CD8(+) T cell responses are the foundation of the recent clinical success of immunotherapy in oncologic indications. Although checkpoint inhibitors have enhanced the activity of existing CD8(+) T cell responses, therapeutic approaches to generate Ag-specific CD8(+) T cell responses have had limited success. Here, we demonstrate that cytosolic delivery of Ag through microfluidic squeezing enables MHC class I presentation to CD8(+) T cells by diverse cell types. In murine dendritic cells (DCs), squeezed DCs were similar to 1000-fold more potent at eliciting CD8(+) T cell responses than DCs cross-presenting the same amount of protein Ag. The approach also enabled engineering of less conventional APCs, such as T cells, for effective priming of CD8(+) T cells in vitro and in vivo. Mixtures of immune cells, such as murine splenocytes, also elicited CD8(+) T cell responses in vivo when squeezed with Ag.
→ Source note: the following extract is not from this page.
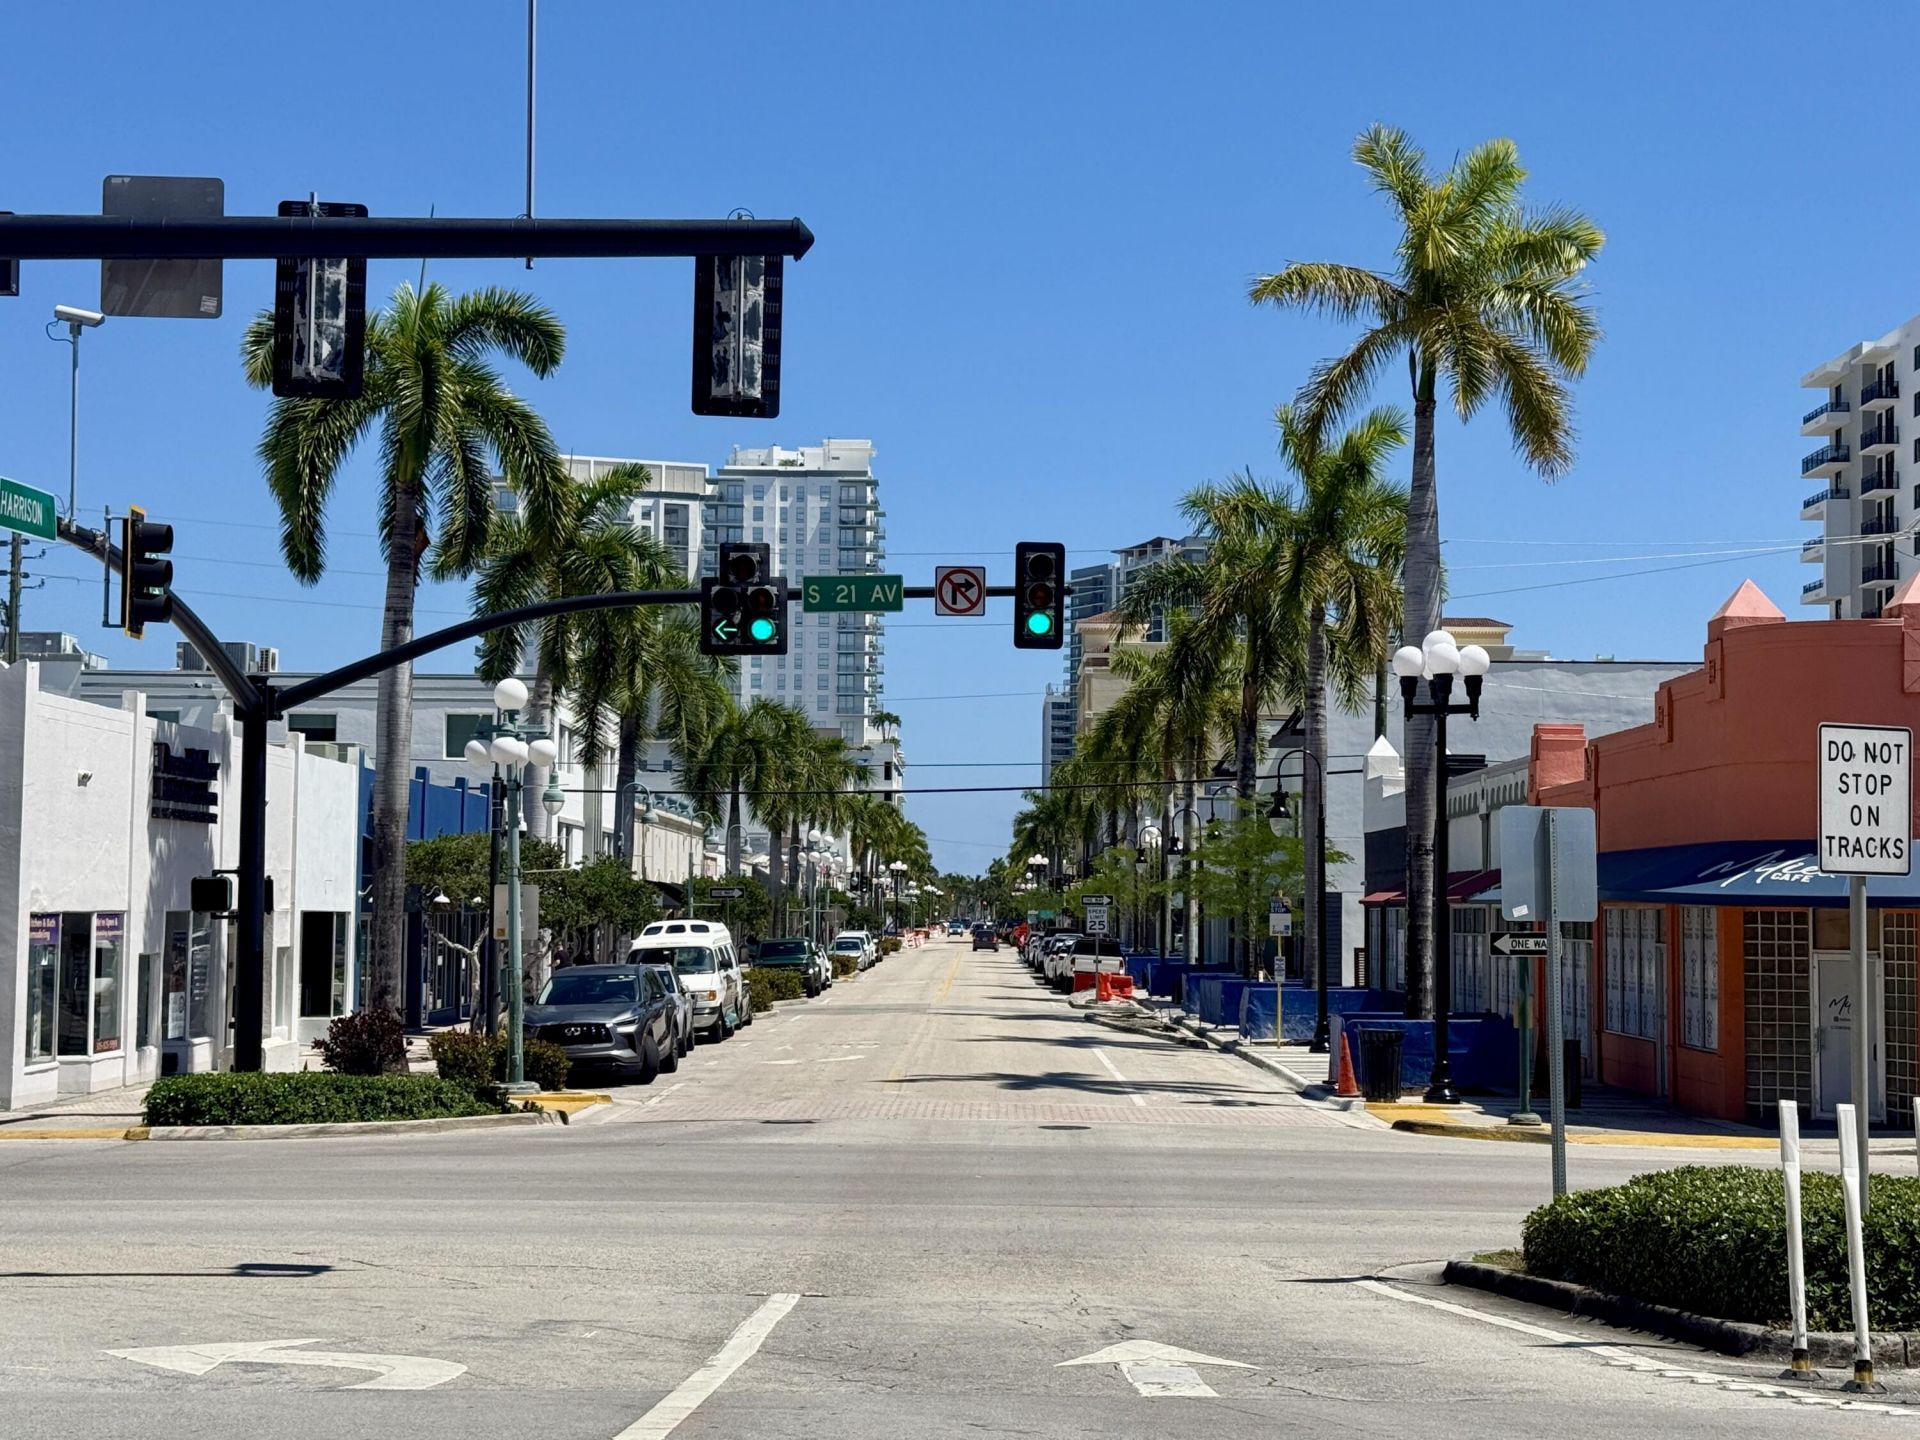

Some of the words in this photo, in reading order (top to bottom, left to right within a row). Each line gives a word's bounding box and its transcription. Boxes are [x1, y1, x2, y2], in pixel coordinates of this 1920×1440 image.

We demonstrate that squeezing enables effective MHC class I presentation by human DCs, T cells, B cells, and PBMCs and that, in clinical scale formats, the system can squeeze up to 2 billion cells per minute. Using the human papillomavirus 16 (HPV16) murine model, TC-1, we demonstrate that squeezed B cells, T cells, and unfractionated splenocytes elicit antitumor immunity and correlate with an influx of HPV-specific CD8(+) T cells such that >80% of CD8s in the tumor were HPV specific. Together, these findings demonstrate the potential of cytosolic Ag delivery to drive robust CD8(+) T cell responses and illustrate the potential for an autologous cell-based vaccine with minimal turnaround time for patients.

Automated summary

Delivery of antigens to the cytosol through microfluidic squeezing enables effective CD8(+) T cell responses, and diverse cell types can present antigens through this approach. This method can successfully prime CD8(+) T cells both in vitro and in vivo.